- [Extracted entries]:
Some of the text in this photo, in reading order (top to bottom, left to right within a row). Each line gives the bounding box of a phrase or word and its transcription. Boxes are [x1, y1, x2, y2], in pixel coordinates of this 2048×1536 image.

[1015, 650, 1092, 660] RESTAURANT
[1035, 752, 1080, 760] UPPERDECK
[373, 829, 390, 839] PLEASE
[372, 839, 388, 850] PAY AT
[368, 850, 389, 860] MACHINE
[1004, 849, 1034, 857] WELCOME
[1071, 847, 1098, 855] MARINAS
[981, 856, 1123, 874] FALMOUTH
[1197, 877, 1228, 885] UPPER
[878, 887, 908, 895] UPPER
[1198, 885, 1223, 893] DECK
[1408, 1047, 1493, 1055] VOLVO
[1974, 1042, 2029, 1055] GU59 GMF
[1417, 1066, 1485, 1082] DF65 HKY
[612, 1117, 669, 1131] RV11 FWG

- [Task details]:
Please repeat all the records above exactly as they appear.

- [Solution for this problem]:
Some of the text in this photo, in reading order (top to bottom, left to right within a row). Each line gives the bounding box of a phrase or word and its transcription. Boxes are [x1, y1, x2, y2], in pixel coordinates of this 2048×1536 image.

[1015, 650, 1092, 660] RESTAURANT
[1035, 752, 1080, 760] UPPERDECK
[373, 829, 390, 839] PLEASE
[372, 839, 388, 850] PAY AT
[368, 850, 389, 860] MACHINE
[1004, 849, 1034, 857] WELCOME
[1071, 847, 1098, 855] MARINAS
[981, 856, 1123, 874] FALMOUTH
[1197, 877, 1228, 885] UPPER
[878, 887, 908, 895] UPPER
[1198, 885, 1223, 893] DECK
[1408, 1047, 1493, 1055] VOLVO
[1974, 1042, 2029, 1055] GU59 GMF
[1417, 1066, 1485, 1082] DF65 HKY
[612, 1117, 669, 1131] RV11 FWG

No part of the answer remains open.